── Given data ──
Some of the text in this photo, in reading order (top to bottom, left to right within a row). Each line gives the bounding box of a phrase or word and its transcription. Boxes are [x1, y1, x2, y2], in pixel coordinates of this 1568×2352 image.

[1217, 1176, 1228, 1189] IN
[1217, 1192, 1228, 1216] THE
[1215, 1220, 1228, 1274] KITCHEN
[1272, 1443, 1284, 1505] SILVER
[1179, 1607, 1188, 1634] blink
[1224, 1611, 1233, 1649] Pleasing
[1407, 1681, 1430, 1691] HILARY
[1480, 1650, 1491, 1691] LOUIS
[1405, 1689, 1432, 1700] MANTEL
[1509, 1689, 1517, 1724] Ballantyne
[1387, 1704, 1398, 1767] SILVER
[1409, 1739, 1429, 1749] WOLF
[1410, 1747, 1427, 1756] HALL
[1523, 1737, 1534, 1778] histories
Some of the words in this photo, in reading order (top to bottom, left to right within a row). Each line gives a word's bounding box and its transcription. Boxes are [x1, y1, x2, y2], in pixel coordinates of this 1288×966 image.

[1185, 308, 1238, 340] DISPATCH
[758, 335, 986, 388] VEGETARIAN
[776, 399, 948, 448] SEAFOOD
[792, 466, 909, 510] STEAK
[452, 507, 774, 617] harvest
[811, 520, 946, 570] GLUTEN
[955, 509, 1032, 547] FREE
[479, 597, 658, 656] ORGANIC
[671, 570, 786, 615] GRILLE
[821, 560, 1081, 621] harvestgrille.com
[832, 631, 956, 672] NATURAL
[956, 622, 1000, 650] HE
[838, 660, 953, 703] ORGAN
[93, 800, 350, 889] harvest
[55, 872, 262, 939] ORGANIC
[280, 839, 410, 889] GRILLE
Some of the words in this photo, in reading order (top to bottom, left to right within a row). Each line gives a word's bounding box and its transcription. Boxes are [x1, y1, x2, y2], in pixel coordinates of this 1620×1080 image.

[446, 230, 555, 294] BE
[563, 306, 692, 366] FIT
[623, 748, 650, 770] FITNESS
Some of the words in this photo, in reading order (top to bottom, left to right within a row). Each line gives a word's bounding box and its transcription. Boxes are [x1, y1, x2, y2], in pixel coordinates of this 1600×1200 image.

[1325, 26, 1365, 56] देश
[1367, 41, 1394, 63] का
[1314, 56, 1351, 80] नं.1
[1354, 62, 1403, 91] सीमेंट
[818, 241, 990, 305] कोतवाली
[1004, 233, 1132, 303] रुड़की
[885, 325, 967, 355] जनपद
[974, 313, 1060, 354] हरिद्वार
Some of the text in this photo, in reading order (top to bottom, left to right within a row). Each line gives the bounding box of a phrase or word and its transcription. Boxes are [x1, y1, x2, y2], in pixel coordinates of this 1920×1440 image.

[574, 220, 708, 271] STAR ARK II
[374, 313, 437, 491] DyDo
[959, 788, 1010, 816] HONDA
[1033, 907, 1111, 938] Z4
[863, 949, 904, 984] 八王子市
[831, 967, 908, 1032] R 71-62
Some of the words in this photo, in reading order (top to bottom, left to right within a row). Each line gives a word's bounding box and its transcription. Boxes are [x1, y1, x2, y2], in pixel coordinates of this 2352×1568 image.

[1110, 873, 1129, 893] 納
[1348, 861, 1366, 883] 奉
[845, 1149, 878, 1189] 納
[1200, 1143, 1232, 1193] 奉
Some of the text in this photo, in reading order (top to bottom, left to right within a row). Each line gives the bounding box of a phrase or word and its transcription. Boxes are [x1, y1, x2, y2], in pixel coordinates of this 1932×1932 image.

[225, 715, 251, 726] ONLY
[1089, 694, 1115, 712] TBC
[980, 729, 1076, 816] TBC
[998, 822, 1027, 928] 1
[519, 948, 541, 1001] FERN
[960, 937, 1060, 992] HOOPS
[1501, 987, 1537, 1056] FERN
───
Work item:
Please retype all of the lines above exactly as they stand.

Output for this task:
Some of the text in this photo, in reading order (top to bottom, left to right within a row). Each line gives the bounding box of a phrase or word and its transcription. Boxes are [x1, y1, x2, y2], in pixel coordinates of this 1568×2352 image.

[1217, 1176, 1228, 1189] IN
[1217, 1192, 1228, 1216] THE
[1215, 1220, 1228, 1274] KITCHEN
[1272, 1443, 1284, 1505] SILVER
[1179, 1607, 1188, 1634] blink
[1224, 1611, 1233, 1649] Pleasing
[1407, 1681, 1430, 1691] HILARY
[1480, 1650, 1491, 1691] LOUIS
[1405, 1689, 1432, 1700] MANTEL
[1509, 1689, 1517, 1724] Ballantyne
[1387, 1704, 1398, 1767] SILVER
[1409, 1739, 1429, 1749] WOLF
[1410, 1747, 1427, 1756] HALL
[1523, 1737, 1534, 1778] histories
Some of the words in this photo, in reading order (top to bottom, left to right within a row). Each line gives a word's bounding box and its transcription. Boxes are [x1, y1, x2, y2], in pixel coordinates of this 1288×966 image.

[1185, 308, 1238, 340] DISPATCH
[758, 335, 986, 388] VEGETARIAN
[776, 399, 948, 448] SEAFOOD
[792, 466, 909, 510] STEAK
[452, 507, 774, 617] harvest
[811, 520, 946, 570] GLUTEN
[955, 509, 1032, 547] FREE
[479, 597, 658, 656] ORGANIC
[671, 570, 786, 615] GRILLE
[821, 560, 1081, 621] harvestgrille.com
[832, 631, 956, 672] NATURAL
[956, 622, 1000, 650] HE
[838, 660, 953, 703] ORGAN
[93, 800, 350, 889] harvest
[55, 872, 262, 939] ORGANIC
[280, 839, 410, 889] GRILLE
Some of the words in this photo, in reading order (top to bottom, left to right within a row). Each line gives a word's bounding box and its transcription. Boxes are [x1, y1, x2, y2], in pixel coordinates of this 1620×1080 image.

[446, 230, 555, 294] BE
[563, 306, 692, 366] FIT
[623, 748, 650, 770] FITNESS
Some of the words in this photo, in reading order (top to bottom, left to right within a row). Each line gives a word's bounding box and its transcription. Boxes are [x1, y1, x2, y2], in pixel coordinates of this 1600×1200 image.

[1325, 26, 1365, 56] देश
[1367, 41, 1394, 63] का
[1314, 56, 1351, 80] नं.1
[1354, 62, 1403, 91] सीमेंट
[818, 241, 990, 305] कोतवाली
[1004, 233, 1132, 303] रुड़की
[885, 325, 967, 355] जनपद
[974, 313, 1060, 354] हरिद्वार
Some of the text in this photo, in reading order (top to bottom, left to right within a row). Each line gives the bounding box of a phrase or word and its transcription. Boxes are [x1, y1, x2, y2], in pixel coordinates of this 1920×1440 image.

[574, 220, 708, 271] STAR ARK II
[374, 313, 437, 491] DyDo
[959, 788, 1010, 816] HONDA
[1033, 907, 1111, 938] Z4
[863, 949, 904, 984] 八王子市
[831, 967, 908, 1032] R 71-62
Some of the words in this photo, in reading order (top to bottom, left to right within a row). Each line gives a word's bounding box and its transcription. Boxes are [x1, y1, x2, y2], in pixel coordinates of this 2352×1568 image.

[1110, 873, 1129, 893] 納
[1348, 861, 1366, 883] 奉
[845, 1149, 878, 1189] 納
[1200, 1143, 1232, 1193] 奉
Some of the text in this photo, in reading order (top to bottom, left to right within a row). Each line gives the bounding box of a phrase or word and its transcription. Boxes are [x1, y1, x2, y2], in pixel coordinates of this 1932×1932 image.

[225, 715, 251, 726] ONLY
[1089, 694, 1115, 712] TBC
[980, 729, 1076, 816] TBC
[998, 822, 1027, 928] 1
[519, 948, 541, 1001] FERN
[960, 937, 1060, 992] HOOPS
[1501, 987, 1537, 1056] FERN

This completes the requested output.